* EXTRACTED DATA *
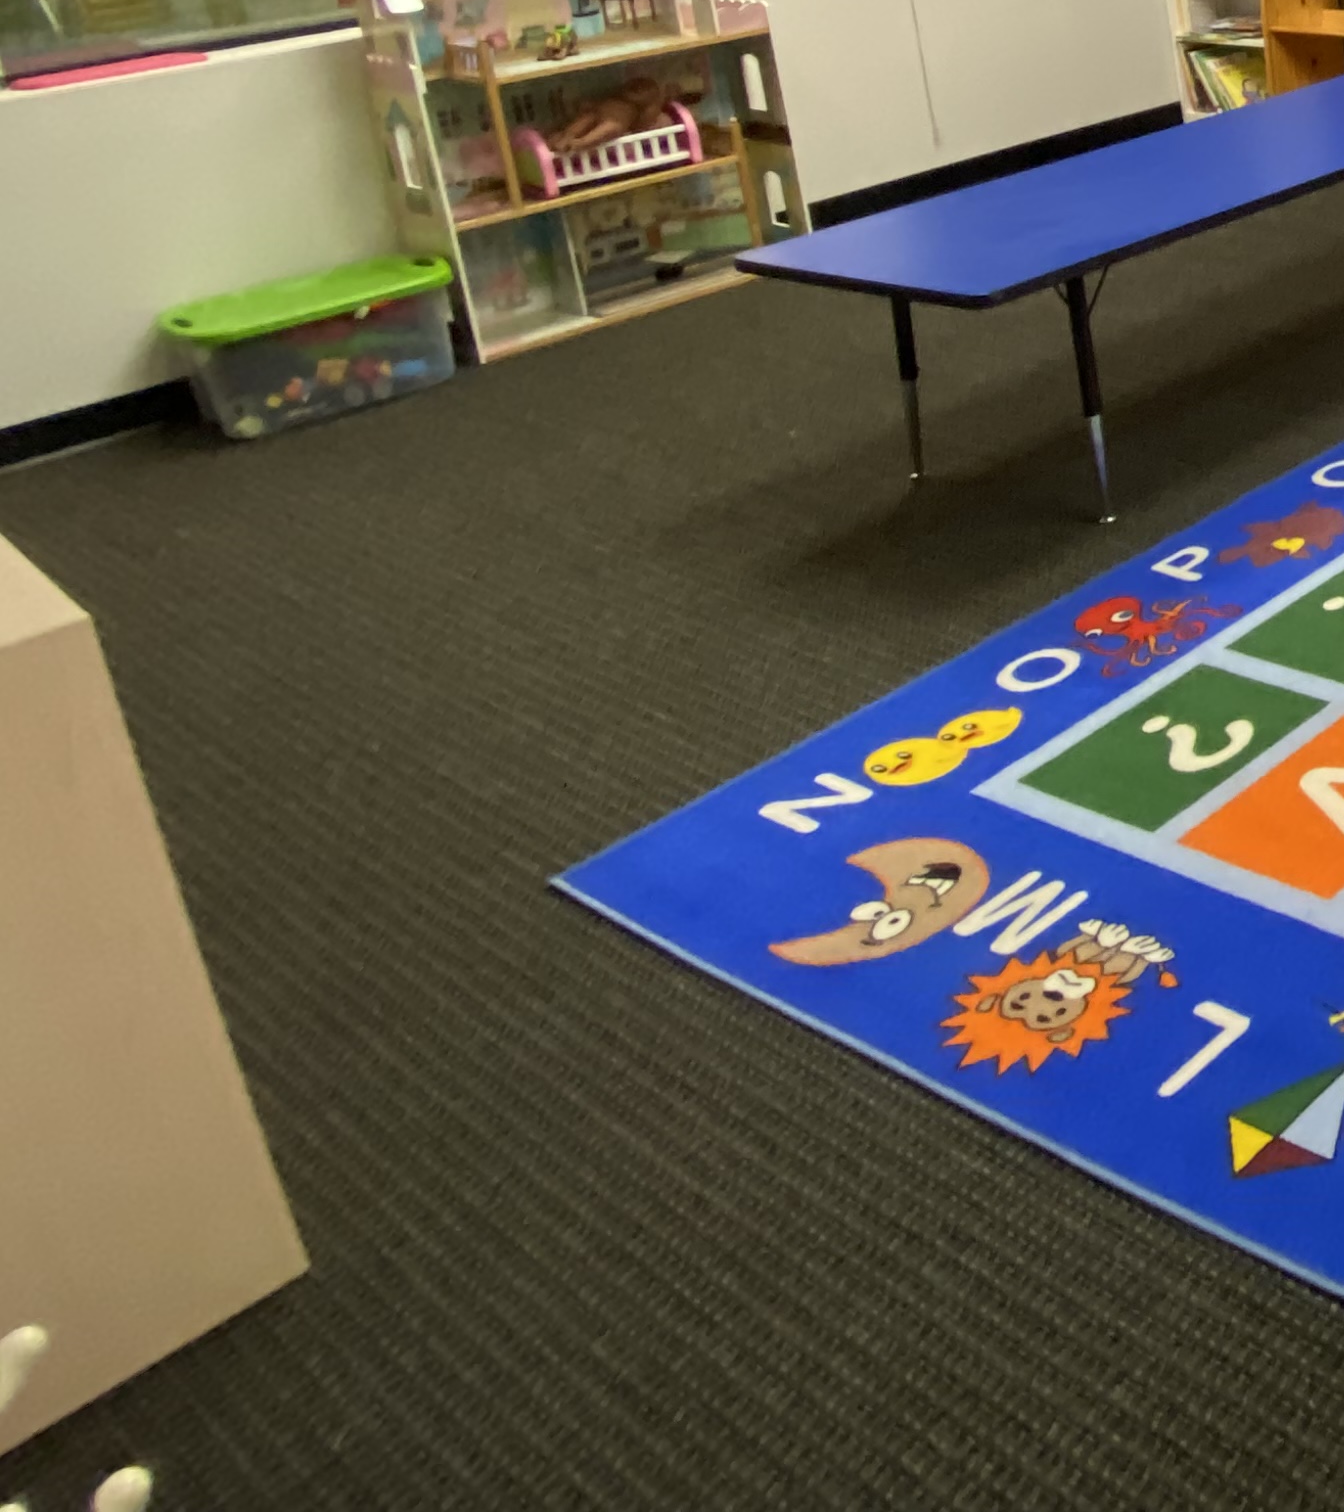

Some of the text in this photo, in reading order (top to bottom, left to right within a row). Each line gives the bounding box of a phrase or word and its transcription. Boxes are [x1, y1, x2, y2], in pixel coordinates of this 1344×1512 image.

[758, 773, 873, 833] N
[996, 648, 1080, 692] O
[1153, 547, 1209, 581] P
[1142, 716, 1255, 774] ?
[952, 871, 1087, 956] M
[1159, 1002, 1250, 1096] L
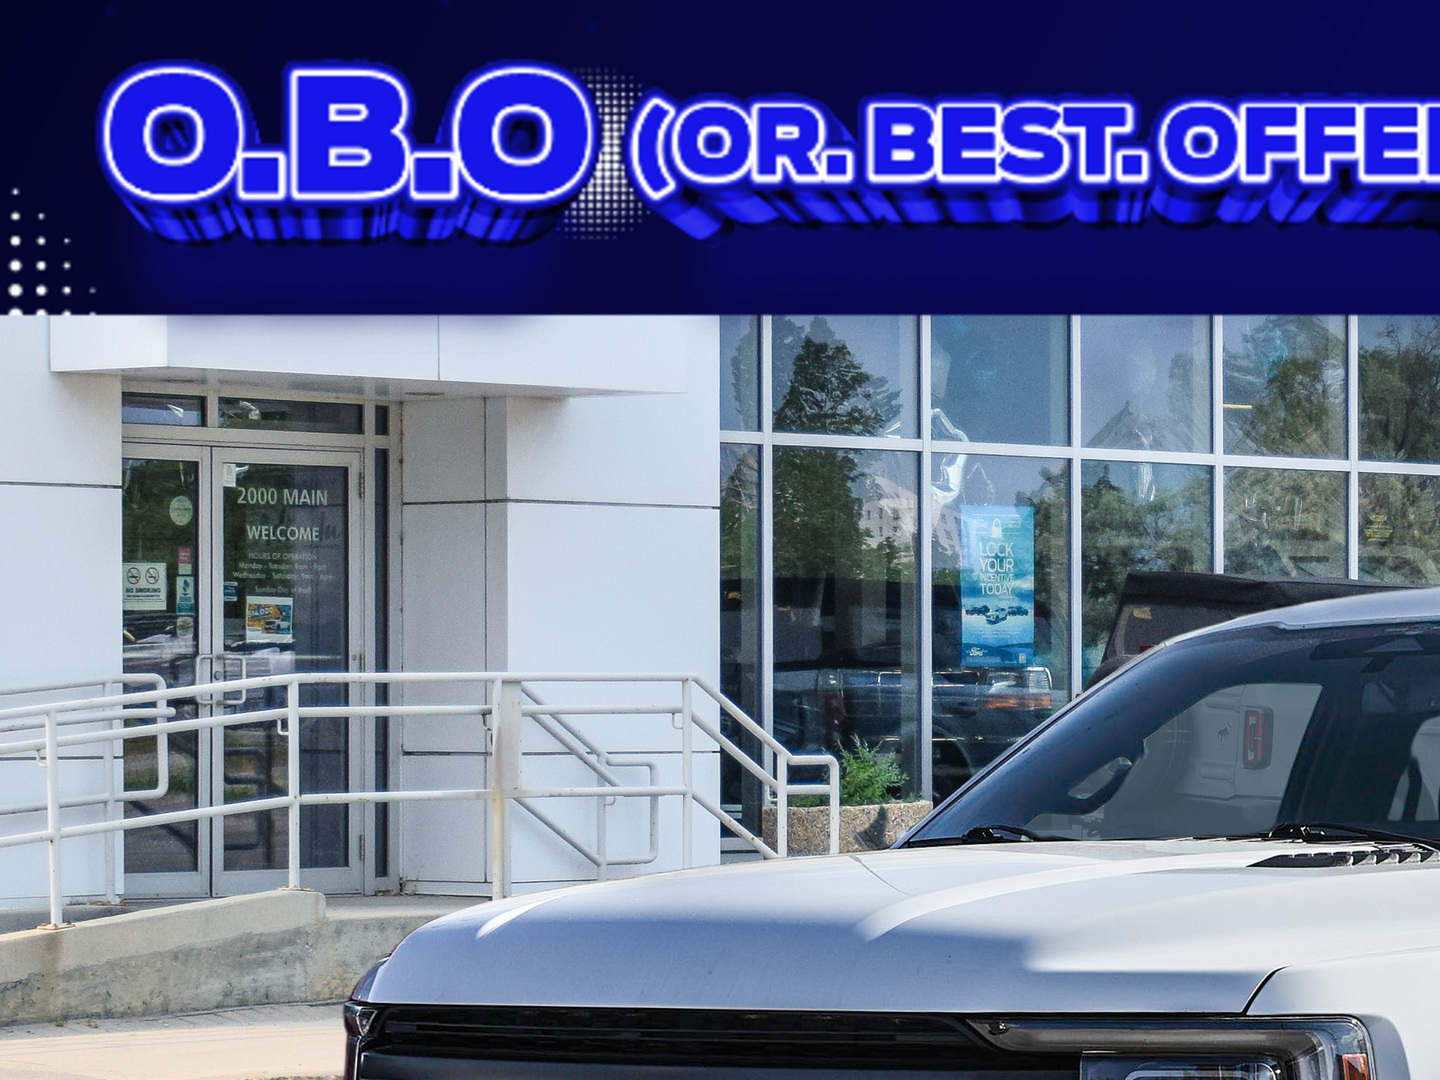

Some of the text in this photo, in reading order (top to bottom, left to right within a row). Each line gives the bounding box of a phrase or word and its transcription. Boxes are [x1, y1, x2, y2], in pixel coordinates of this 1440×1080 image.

[237, 487, 328, 506] 2000 MAIN
[246, 525, 320, 541] WELCOME
[282, 552, 318, 561] OPERATION
[979, 541, 1014, 557] LOCK
[979, 558, 1015, 573] YOUR
[979, 573, 1015, 583] INCENTIVE
[979, 583, 1014, 596] TODAY
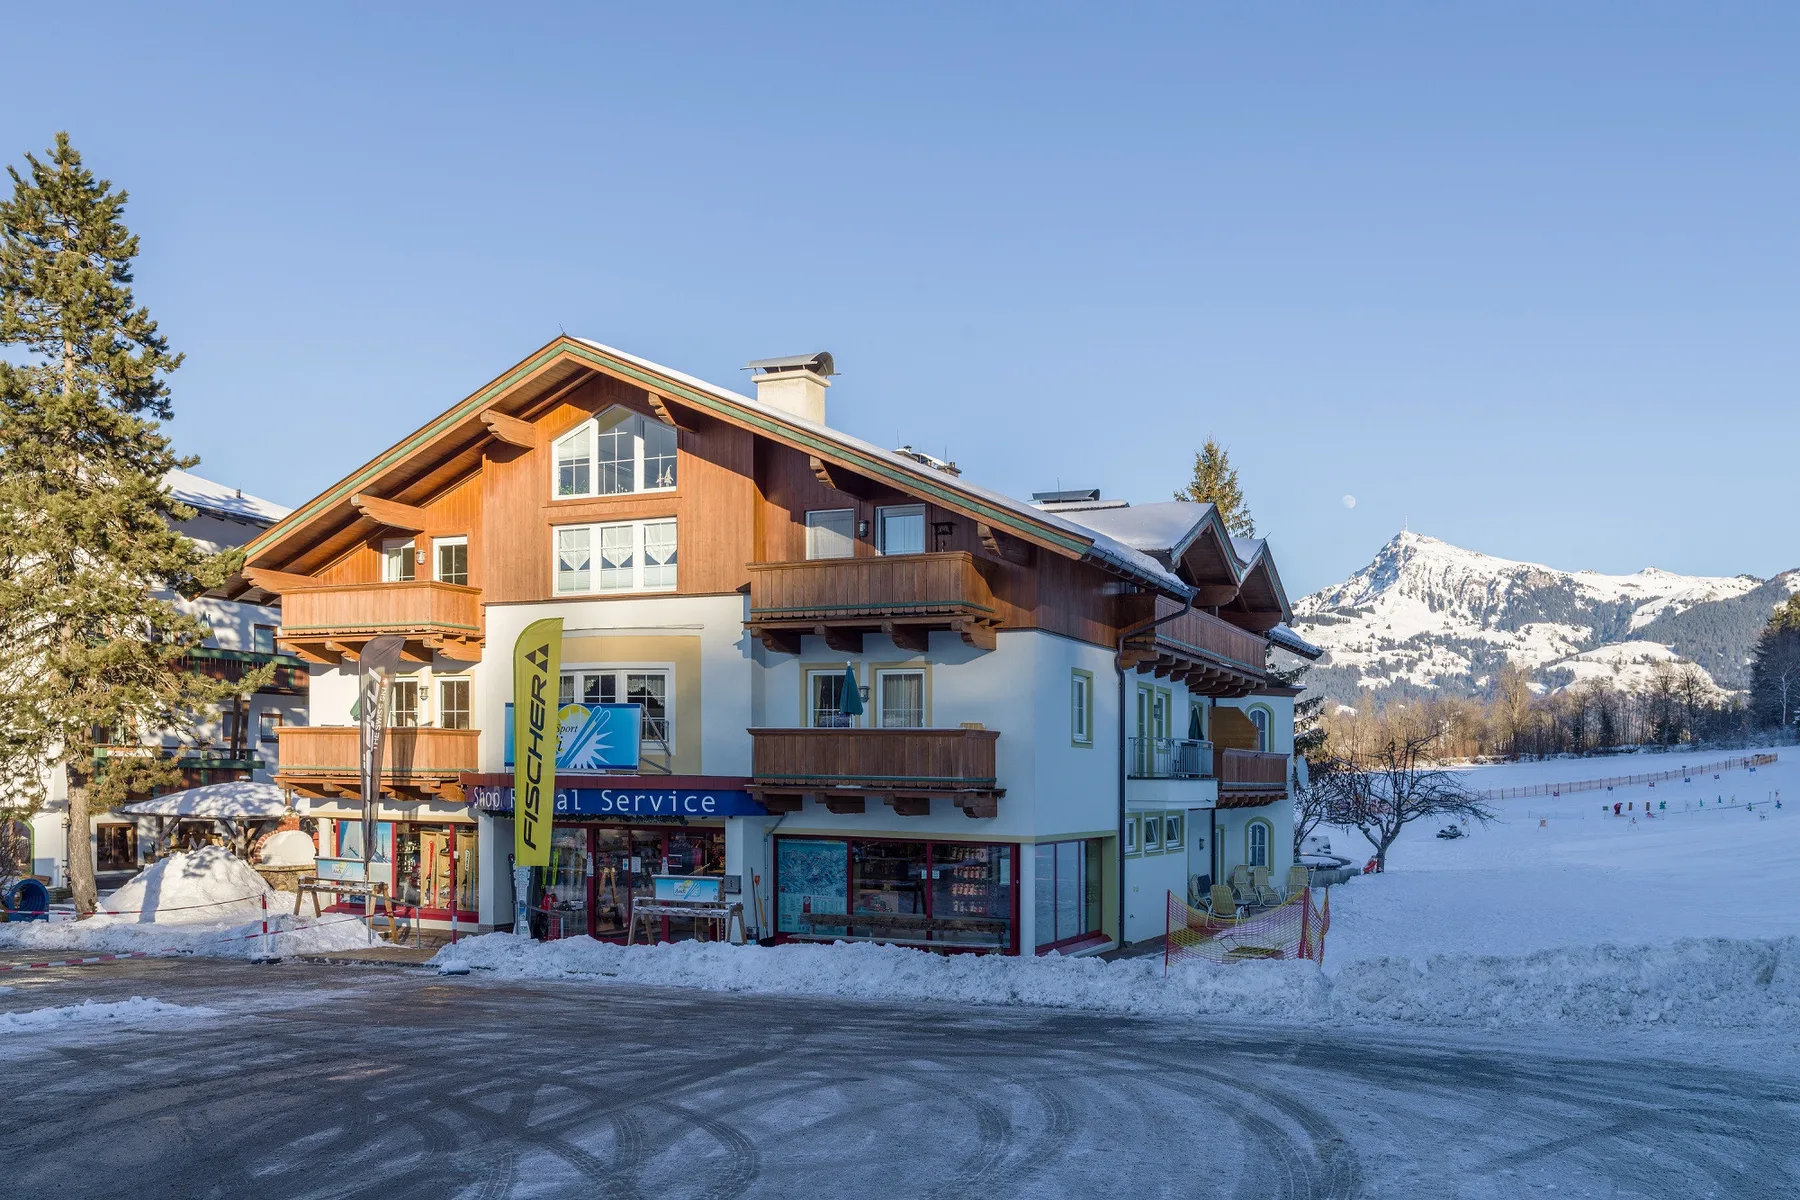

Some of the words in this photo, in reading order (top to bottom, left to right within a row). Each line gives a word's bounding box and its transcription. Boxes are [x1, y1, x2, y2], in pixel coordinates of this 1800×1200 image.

* TASK STATEMENT *
Pictures are to be left out when the lines from the one containing "this 1440×1080 image." through the end of the records above are repeated exactly; no other line is wanted.

* ANSWER SPACE *
Some of the text in this photo, in reading order (top to bottom, left to right within a row). Each line gives the bounding box of a phrase or word and its transcription. Boxes are [x1, y1, x2, y2], in pixel coordinates of this 1440×1080 image.

[237, 487, 328, 506] 2000 MAIN
[246, 525, 320, 541] WELCOME
[282, 552, 318, 561] OPERATION
[979, 541, 1014, 557] LOCK
[979, 558, 1015, 573] YOUR
[979, 573, 1015, 583] INCENTIVE
[979, 583, 1014, 596] TODAY

Some of the words in this photo, in reading order (top to bottom, left to right within a row). Each line gives a word's bounding box and its transcription. Boxes are [x1, y1, x2, y2], in pixel coordinates of this 1800×1200 image.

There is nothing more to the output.